Mumbai: Mahindra Satyam, the new brand identity of Satyam Computer Services, a leading global consulting and IT services provider, has selected Malaysia to kick off international expansion - enlarged its global solution center operations in 15 acre campus in Cyberjaya, the company said in a BSE filing. As a country-specific investment strategy, the newly rebranded company announced it would enlarge its Global Solution Centre (GSC) operations in Malaysia by moving more global software development and delivery operations to its GSC, located at a 15-acre site in Cyberjaya, Malaysia’s prominent info-Comm Technology (ICT) corridor. This latest development which takes place just five months after the new owners, Tech Mahindra, gained control of the Hyderabad-based software company, demonstrates the continued commitment of the company’s new owners to Malaysia’s strategic role in Mahindra Satyam’s global growth plans.
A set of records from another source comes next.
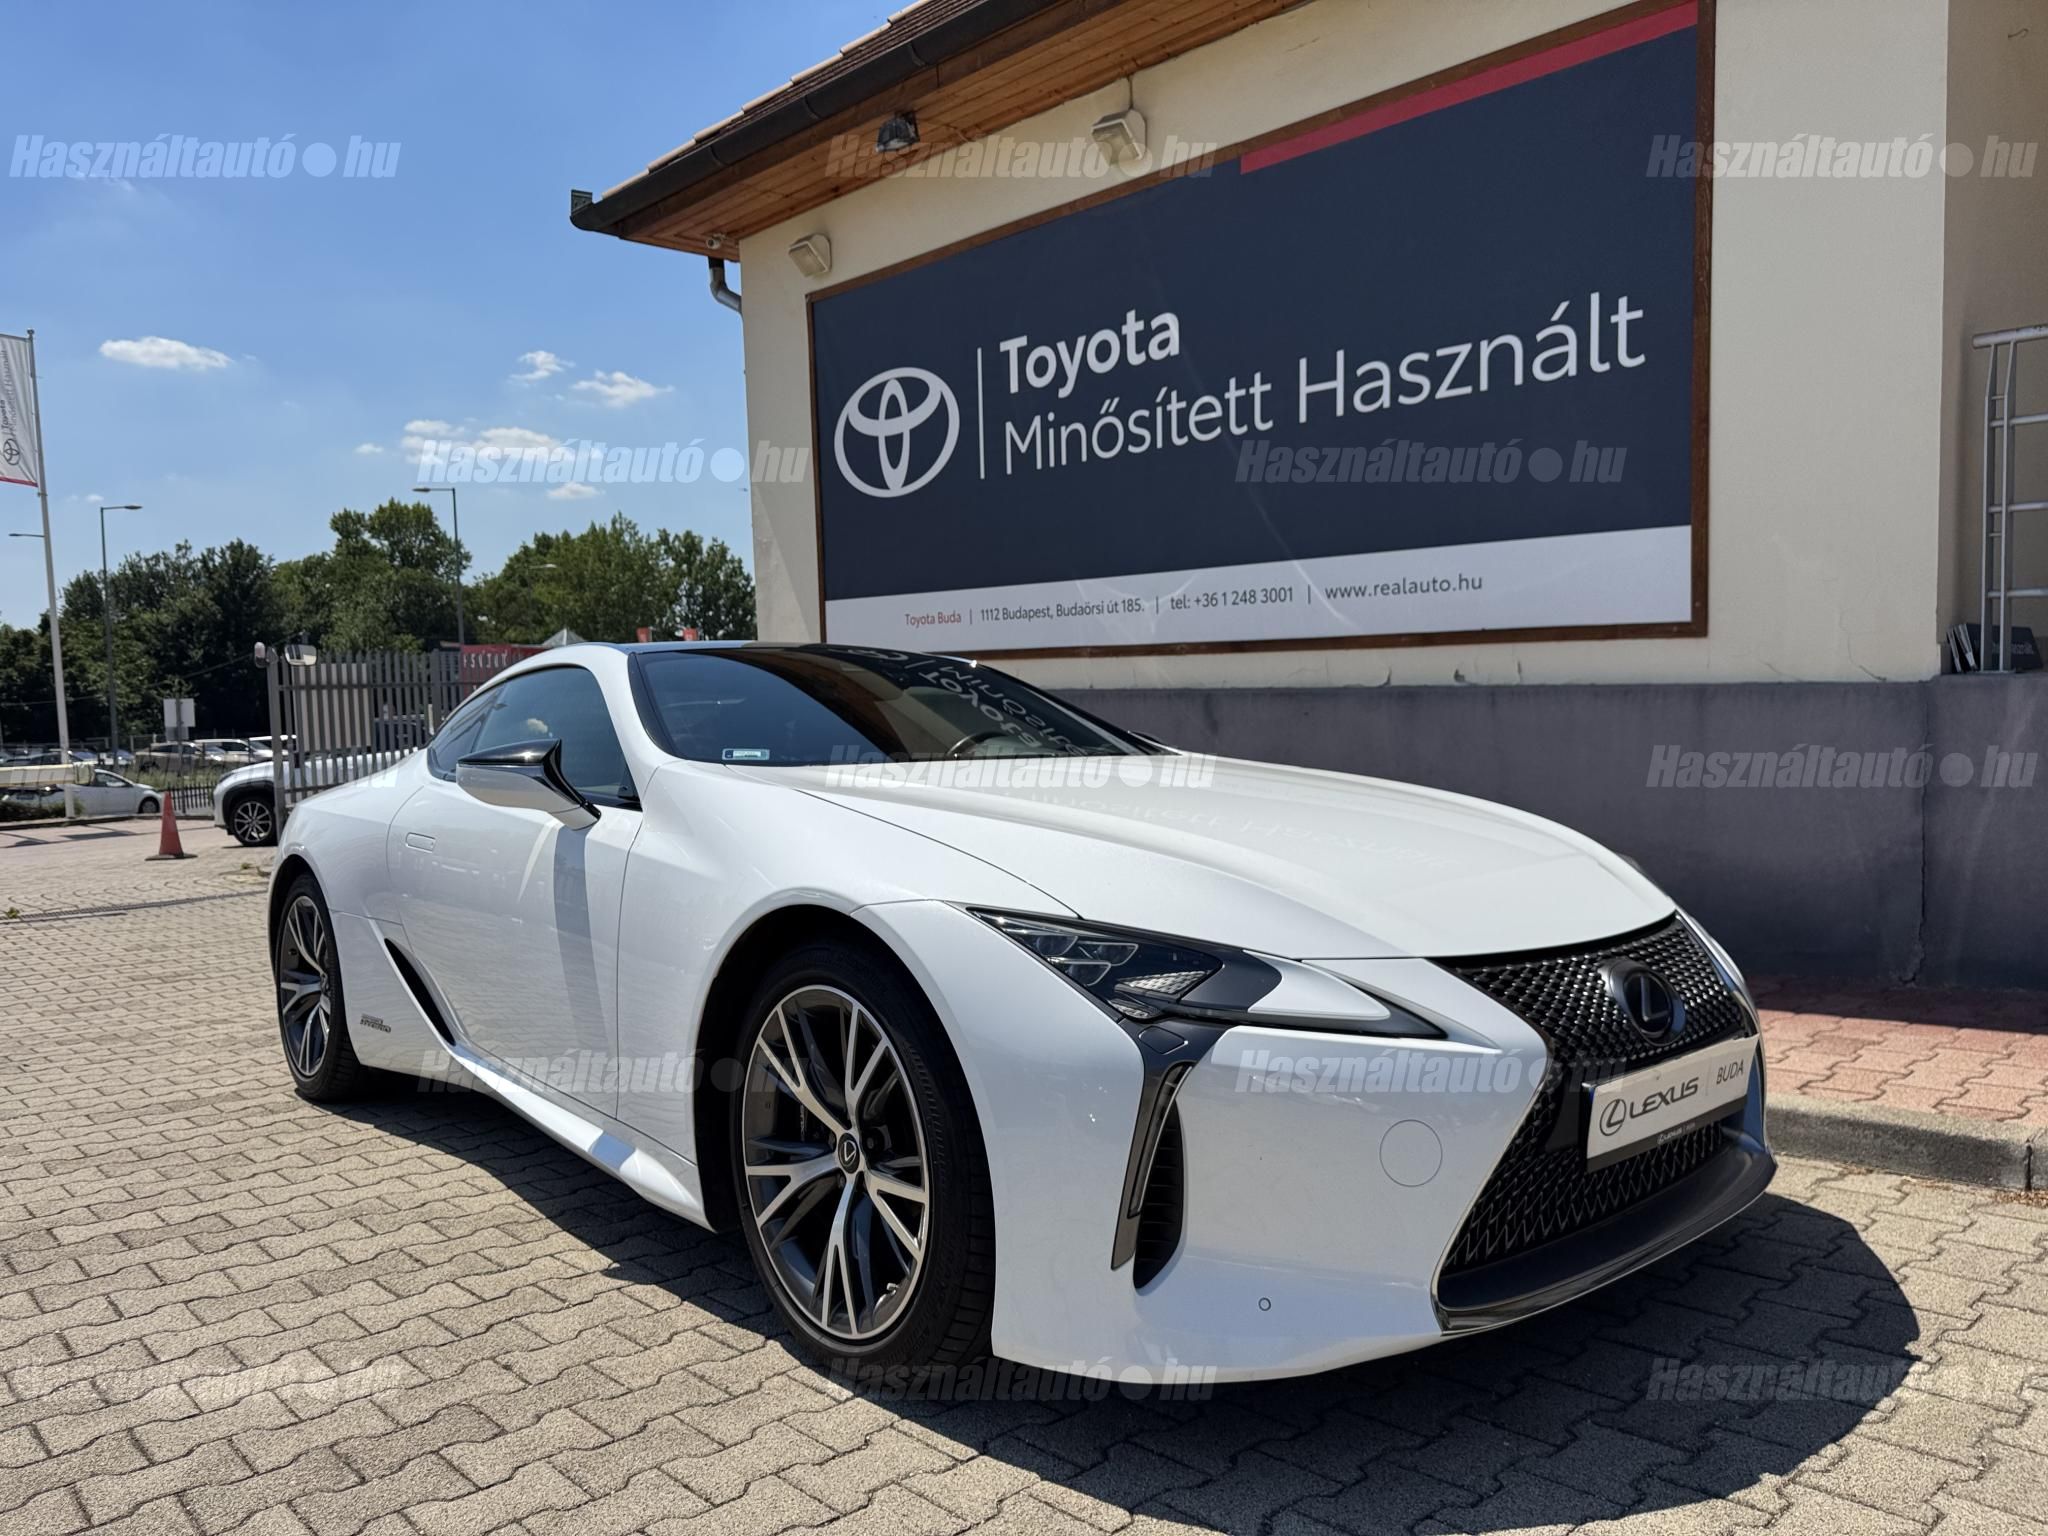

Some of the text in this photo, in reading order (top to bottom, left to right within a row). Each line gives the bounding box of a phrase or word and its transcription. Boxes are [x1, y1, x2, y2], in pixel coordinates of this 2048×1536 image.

[999, 308, 1181, 400] Toyota
[1004, 291, 1646, 476] Minősített Használt
[1170, 594, 1191, 611] tel:
[1194, 591, 1219, 608] +36
[1231, 589, 1257, 606] 248
[1260, 586, 1294, 604] 3001
[1324, 572, 1483, 601] www.realauto.hu
[904, 611, 962, 629] Toyota Buda
[980, 598, 1145, 625] 1112 Budapest, Budaörsi út 185.
[1629, 1076, 1700, 1120] LEXUS
[1716, 1059, 1744, 1085] BUDA
Relocated from its present premises to a larger facility in Cyberjaya, the new state-of-the-art GSC - which has 18 configurable Offshore Development Centre blocks, 1100-seat development block and a data centre to host 1100 services - will serve as Mahindra Satyam’s largest technology development and delivery facility outside of India. By focusing on providing a full range of both mainstream business and technology functions like Remote Infrastructure Management Outsourcing, Business Processing Outsourcing, Software Services as well as some specialised Software Testing, the new GSC substantially ramps up Mahindra Satyam’s range and export of offshore delivery capability from Malaysia.

NeST-Nvidia centre of excellence

Thiruvananthapuram: Nvidia Corporation, the world leader in visual computing initiatives and NeST, a provider of specialised software and engineering services, have announced the setting up of their a centre for GPU (graphics processing unit) computing at the NeST premises in Technopark.
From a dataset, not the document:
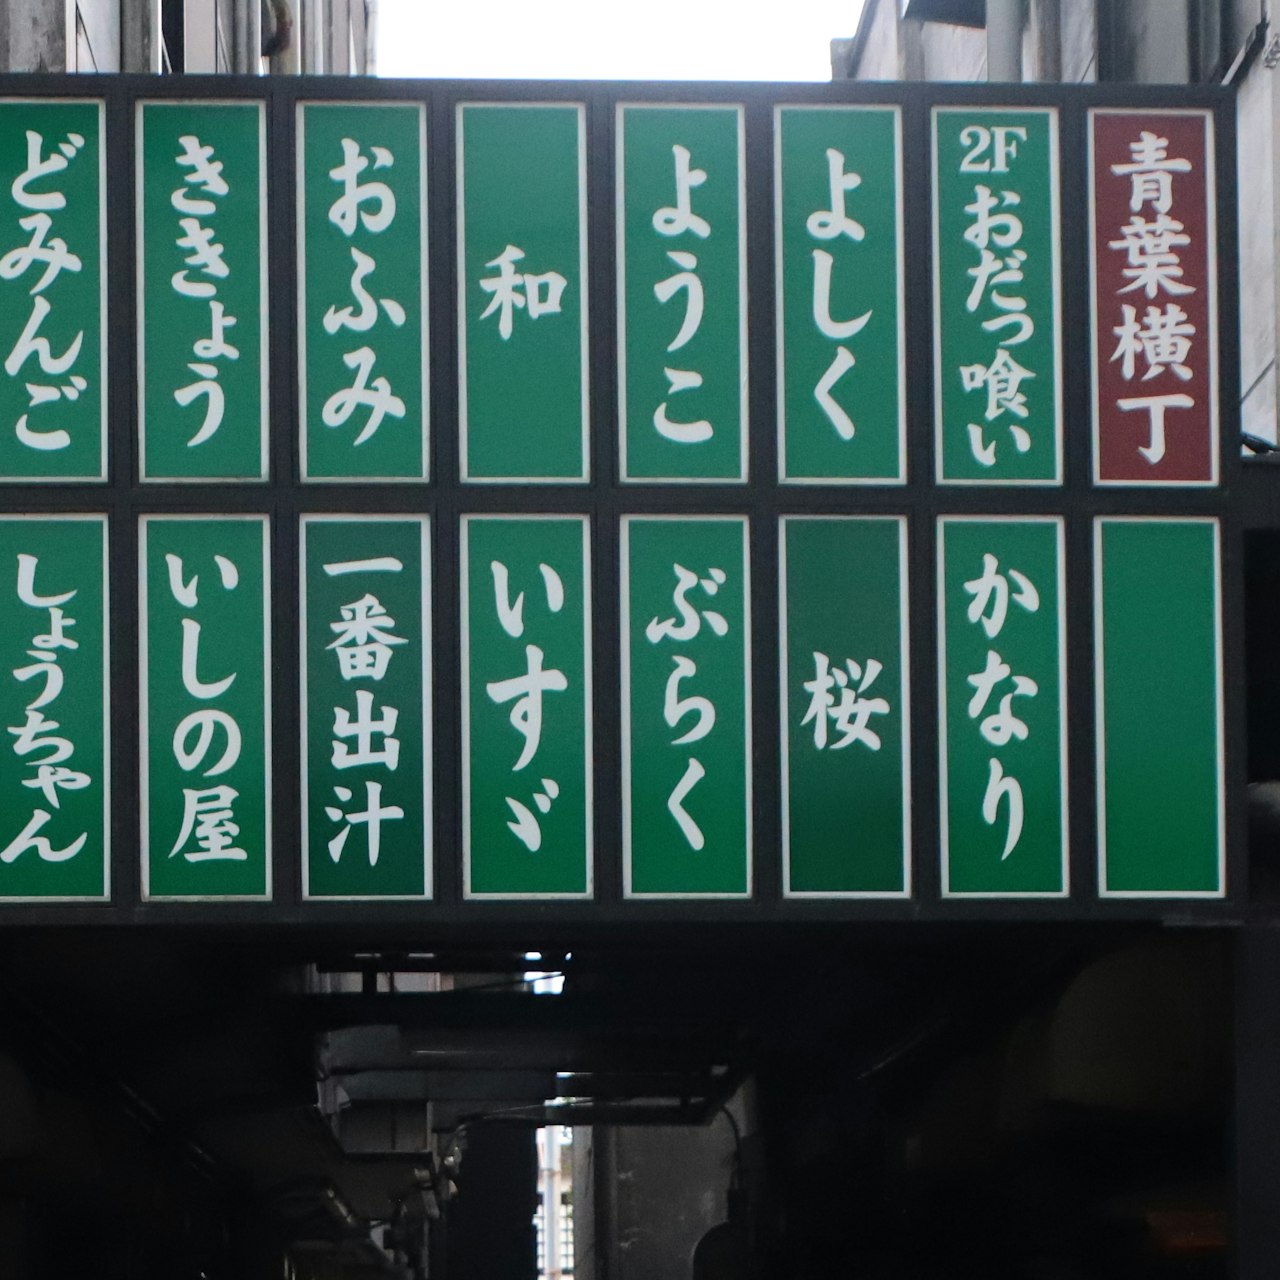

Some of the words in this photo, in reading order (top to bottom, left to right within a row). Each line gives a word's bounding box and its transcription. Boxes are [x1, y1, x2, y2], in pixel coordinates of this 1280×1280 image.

Dr Bill Dally, Chief Scientist, Nvidia

Dr Bill Dally, Chief Scientist, Nvidia, inaugurated the centre at a function here on Wednesday. NeST has set up the Centre of Excellence in GPU computing as part of its business focus on High performance Computing (HPC), a NeST spokesman said here.

Qualified Hands
Equipped with the latest products from Nvidia, the centre is staffed by highly qualified and experienced engineers from NeST to develop High Performance Computing solutions for their customers. NeST will be providing ‘Cuda' (Nvidia's parallel computing architecture) professional services and GPGPU (general purpose computing on GPU) multi-core services to their joint customers worldwide. NeST has also declared its plans to offer training services on Nvidia-Cuda technology. Research and development organisations as well as academic institutions can avail the capabilities of this centre, the spokesman added. Accessible through an industry standard C language programming environment, Cuda has already delivered cost-effective multi gigaflop performance. NeST's Multi-core Services Group will help harness the power of new generation GPUs from Nvidia to deliver low-cost, fast-to-market products for their customers.
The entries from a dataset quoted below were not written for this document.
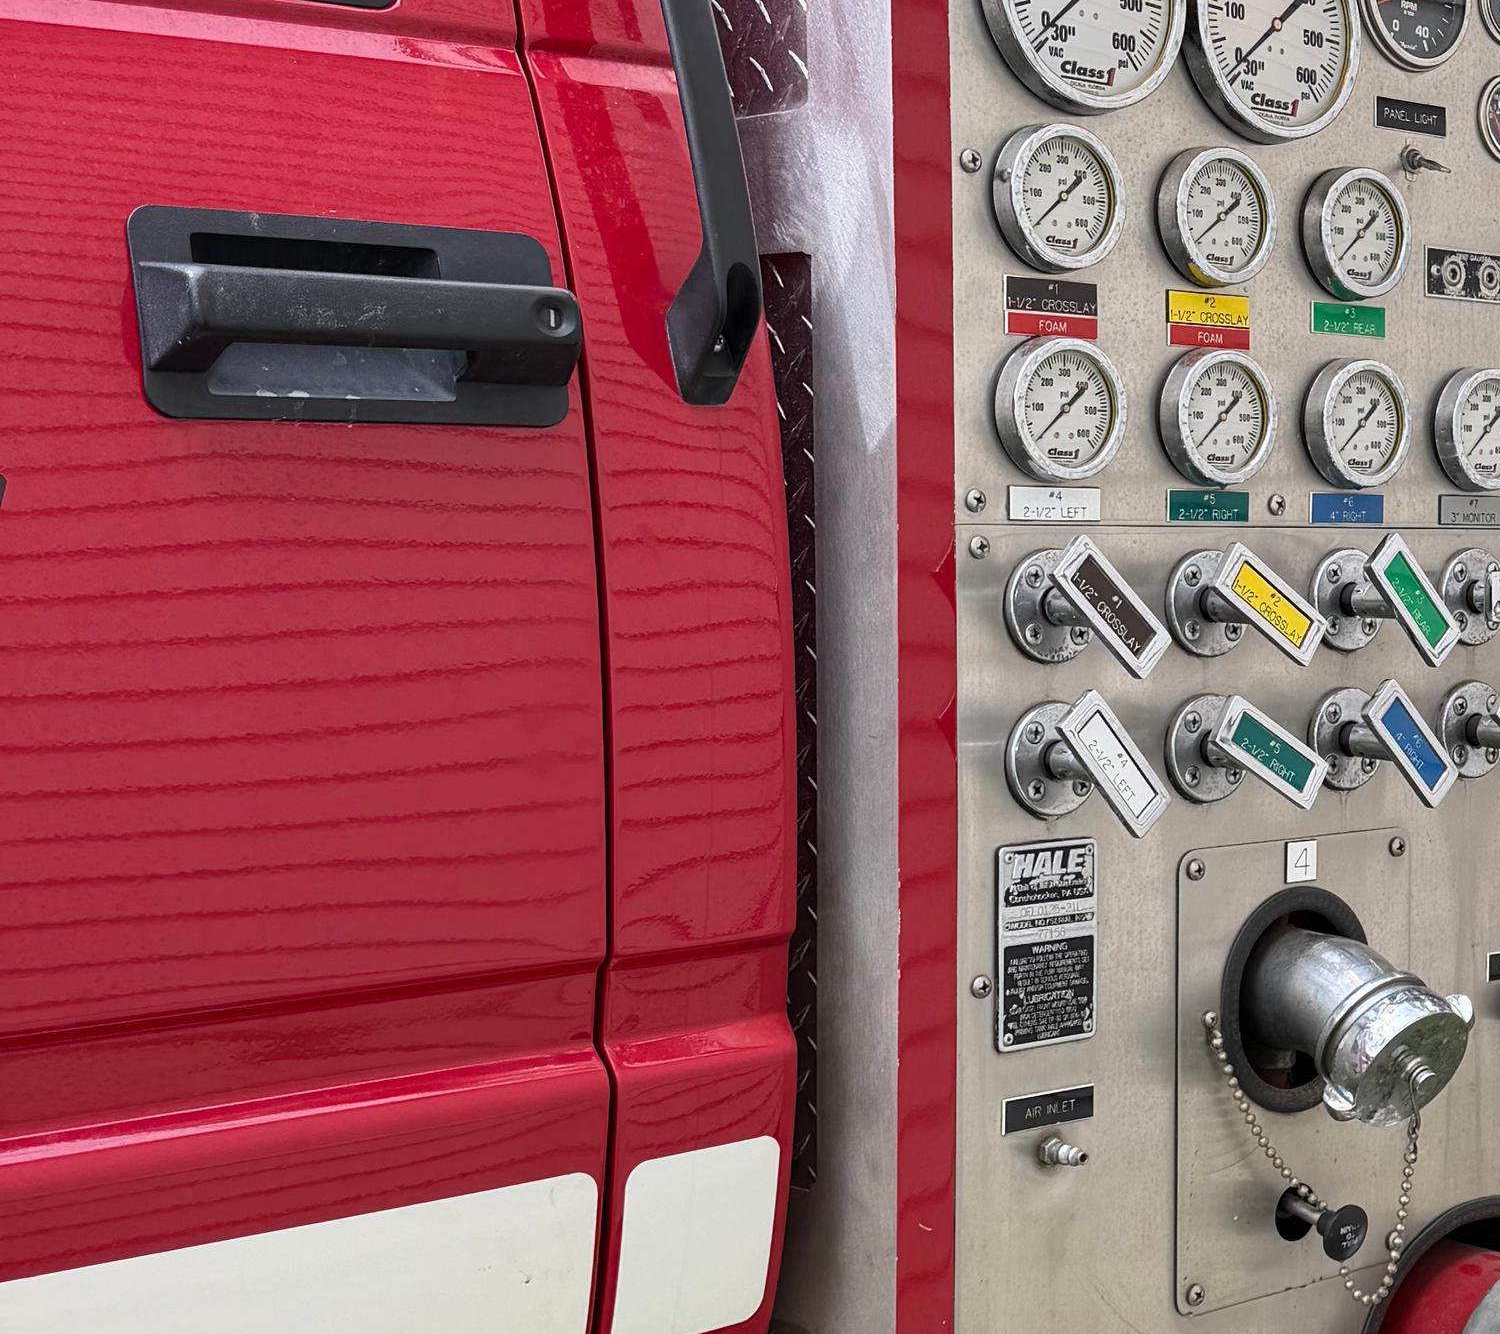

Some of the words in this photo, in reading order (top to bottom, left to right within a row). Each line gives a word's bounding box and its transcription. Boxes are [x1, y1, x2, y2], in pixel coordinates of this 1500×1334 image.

[1225, 1, 1244, 20] 100
[1401, 1, 1417, 12] RPM
[1392, 20, 1399, 31] 0
[1415, 26, 1429, 38] 40
[1112, 32, 1135, 52] 600
[1303, 29, 1323, 48] 500
[1049, 46, 1063, 58] VAC
[1118, 57, 1128, 69] psi
[1296, 67, 1316, 85] 600
[1241, 80, 1254, 91] VAC
[1384, 107, 1409, 122] PANEL
[1414, 112, 1437, 125] LIGHT
[1048, 284, 1058, 293] #1
[1042, 299, 1096, 313] CROSSLAY
[1204, 298, 1215, 308] #2
[1345, 308, 1355, 318] #3
[1200, 313, 1248, 326] CROSSLAY
[1039, 320, 1067, 332] FOAM
[1353, 323, 1375, 334] REAR
[1198, 332, 1222, 343] FOAM
[1058, 368, 1071, 378] 300
[1041, 377, 1053, 387] 200
[1032, 402, 1044, 412] 100
[1085, 406, 1097, 415] 500
[1077, 429, 1090, 438] 600
[1049, 491, 1062, 501] #4
[1204, 494, 1215, 505] #5
[1344, 497, 1353, 507] #6
[1469, 499, 1479, 509] #7
[1061, 507, 1087, 519] LEFT
[1212, 509, 1239, 520] RIGHT
[1343, 511, 1366, 522] RIGHT
[1464, 513, 1496, 523] MONITOR
[1112, 594, 1123, 609] #1
[1270, 593, 1281, 606] #2
[1415, 589, 1424, 604] #3
[1097, 601, 1141, 652] CROSSLAY
[1259, 603, 1301, 643] CROSSLAY
[1412, 608, 1431, 635] REAR
[1269, 740, 1281, 754] #5
[1117, 752, 1127, 767] #4
[1405, 744, 1424, 770] RIGHT
[1270, 758, 1296, 781] RIGHT
[1114, 773, 1135, 802] LEFT
[1012, 848, 1086, 879] HALE
[1294, 848, 1310, 875] 4
[1032, 942, 1068, 954] WARNING
[1023, 989, 1074, 1006] LUBRICATION
[1025, 1106, 1041, 1119] AIR
[1047, 1099, 1076, 1114] INLET
According to Mr Bernhard Gleissner, Vice-President, Europe, Middle-East and Asia, Nvidia, GPUs are now general purpose parallel computing processors with amazing graphics, and not just graphics chips any more.
Cuda helps the GPU achieve great computational efficiency and many companies globally have already recognised this in their adoption of the Cuda architecture. With the launch of the NeST Centre of Excellence, the benefits of the parallel computing prowess of GPUs can be reaped by many more Indian and global organisations, Mr Gleissner said.

NeST has now acquired a key technology to provide GPU based solutions to the compute intensive problems of our customers, said Mr N. Jehangir, Vice-Chairman and managing Director, NeST Group. According to Mr S. Sasi Kumar, President, NeST Software, the massively parallel floating point processors in the NVIDIA GPU architecture delivers exceptional throughput to meet the demanding compute requirements of applications like medical imaging, industrial inspection, multimedia, modelling and simulation.